Sam ignored her. She had pulled away and was already splashing down the street to her car, going around to the driver’s side door, opening it, and getting in. Madeline hurried after her as Sam cranked the engine to life and rolled down the side window, peering back at Madeline from the other side. Just like that, Madeline was once again looking at Sam through a barrier, stuck on the outside of the other woman’s life.
Madeline knew she should say something—she should say a million things—but it would have taken too long and there was only a second and then the second was over and Sam was saying, with finality, “Well, bye, ladybug,” and Madeline was saying, “Bye” because there was nothing else to say.
Then Sam rolled up her window and drove away as Madeline’s life became liquid, spilling away with the rain as it merged with the thousand disparate scattered reflections that shimmered around her in the street.
Chapter Four
In another part of Harvard Square, Jimmy had closed up shop for the night, flipping the sign from open to closed. His store was full of cats still waiting for their forever homes, and he’d just finished feeding the lot of them. Now, he was upstairs in the living quarters above, measuring a piece of lumber he planned to fashion into a cat tree. Jimmy’s ap
artment had a second bedroom that he used as a workshop where he made cat furniture, and he thought he was quite good at it. The patter of the rain on the window soothed away the long day as Jimmy turned on the table saw and passed a piece of lumber through, slicing the wood with a straight cut. Next, he trimmed a piece of base wood to size, a nice big block. Jimmy turned off the saw and began examining leftovers from other projects when a distant and faint meowing cut through the sound of the rain. He paused and listened.

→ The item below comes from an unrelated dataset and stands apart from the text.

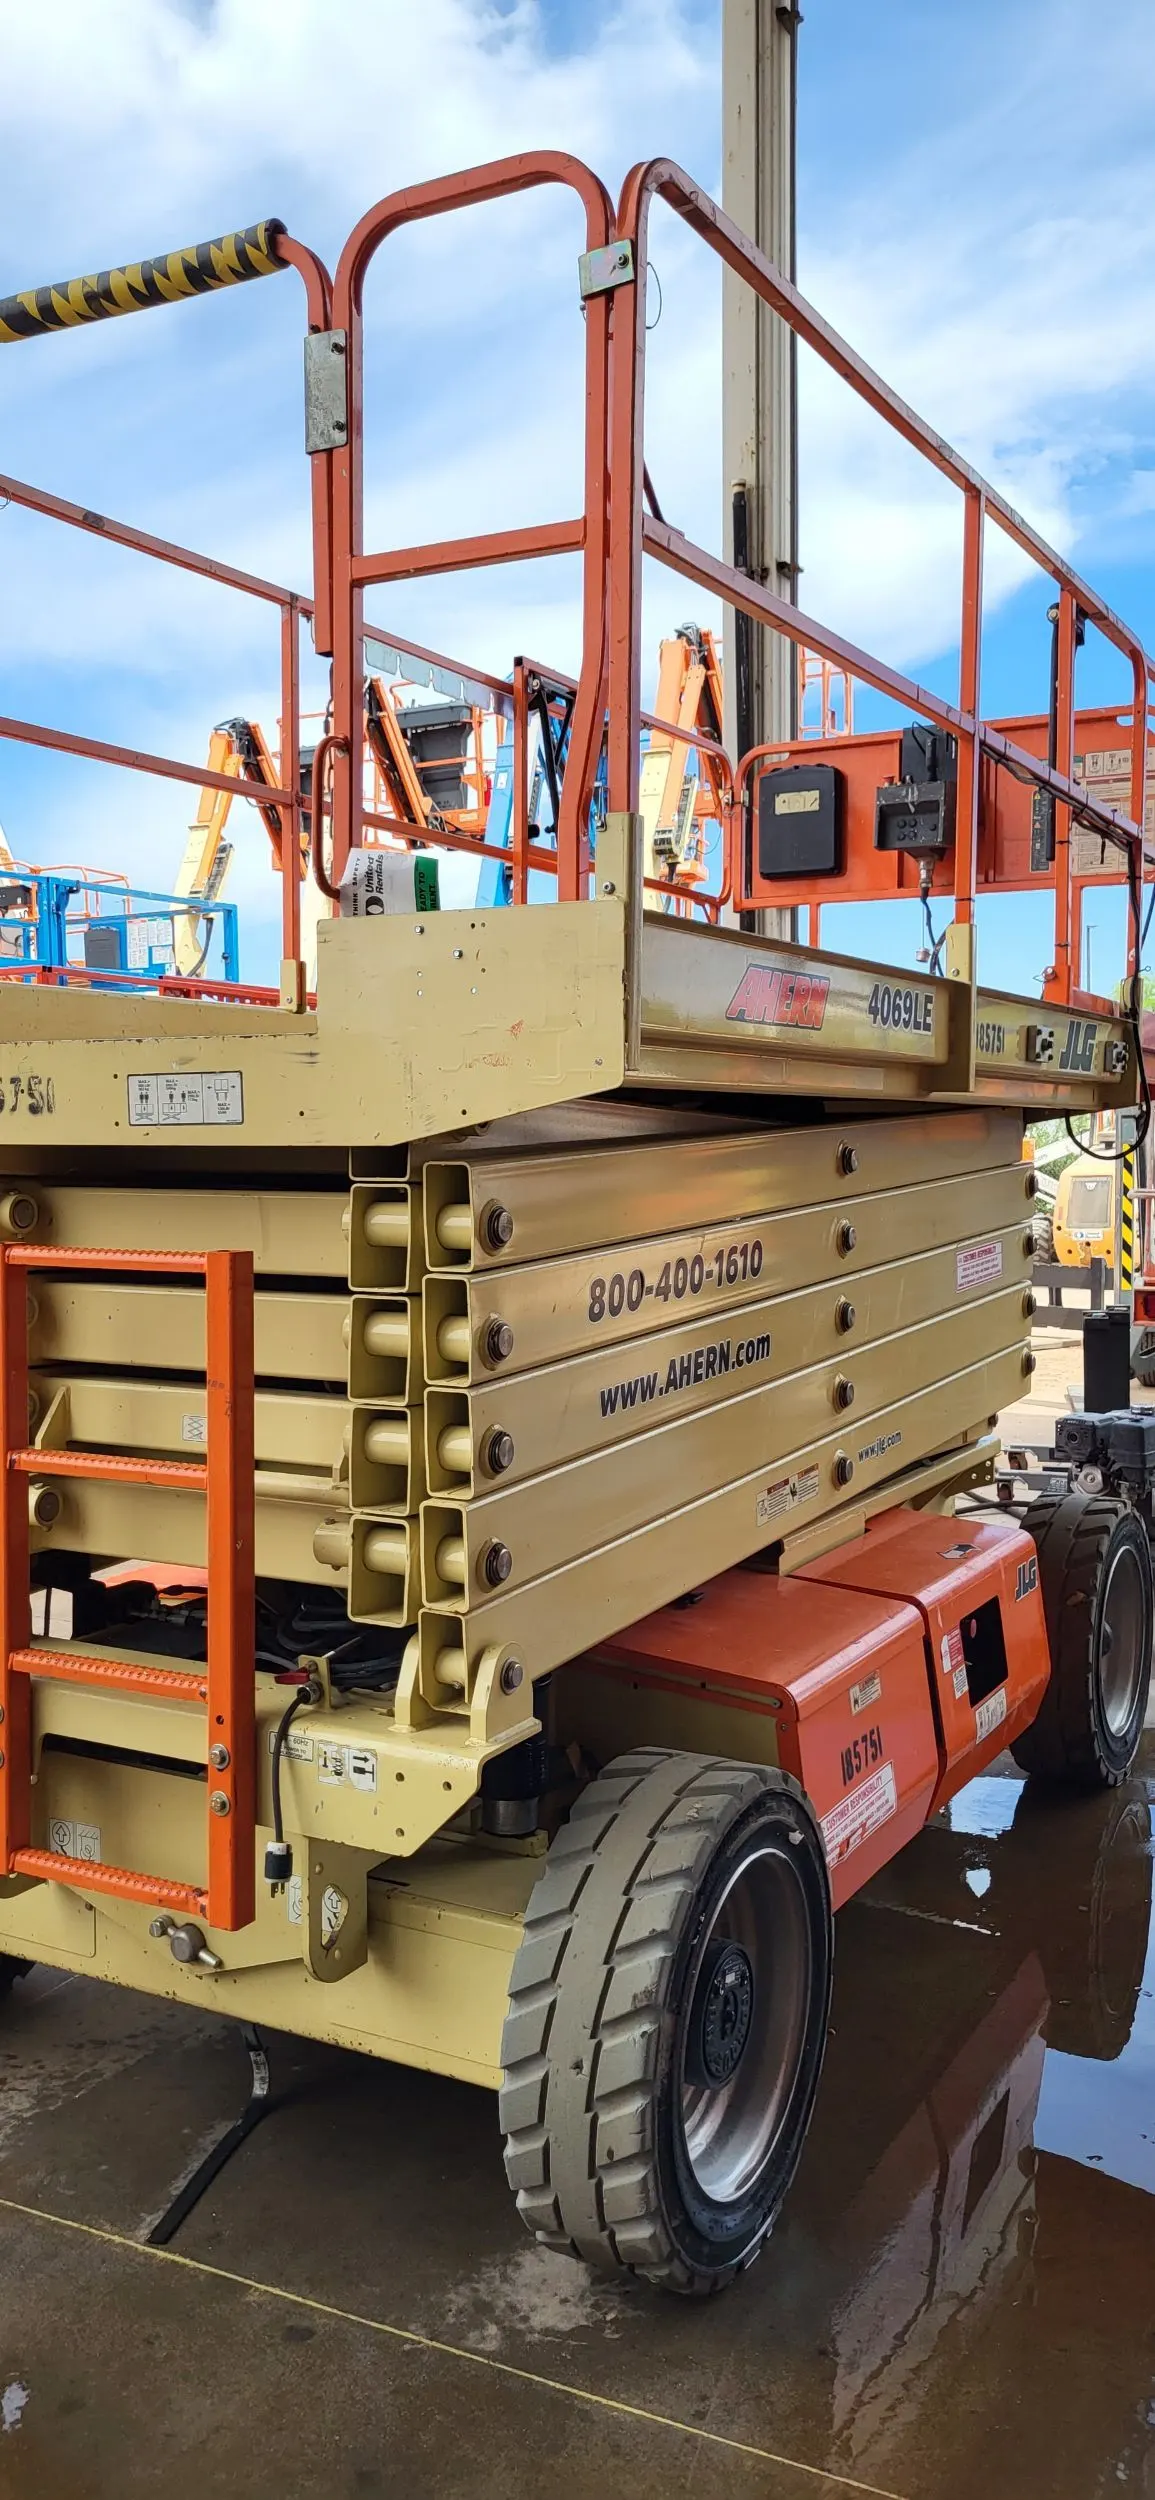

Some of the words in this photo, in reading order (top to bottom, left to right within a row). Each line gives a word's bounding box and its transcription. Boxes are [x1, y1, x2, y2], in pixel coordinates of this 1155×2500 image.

It was the cry of a cat in distress. Now, who’s making a fuss this time? Jimmy wondered as he ran through the list of usual suspects. There were over two-dozen cats at Jimmy’s Used Cat Emporium, and he knew them all personally. It could have been Diana, except he’d sent her home with a new family the week before. It could have been Britney or Paul McCartney, and if so, it was probably nothing—just one of them blowing off steam. But the call had a hint of desperation to it and Jimmy couldn’t place the voice. Not only that, the sound seemed as though it were located…
He glanced toward the window. The meow was coming from outside the shop.
Jimmy dusted off his hands and went downstairs, where he noticed the rest of the cats were listening to the cry, too. Some of them had gone to sit in the storefront window displays, while others were paused mid-motion, halted in the process of licking, or playing, or sleeping, their ears tipped toward the sound—cautious, curious.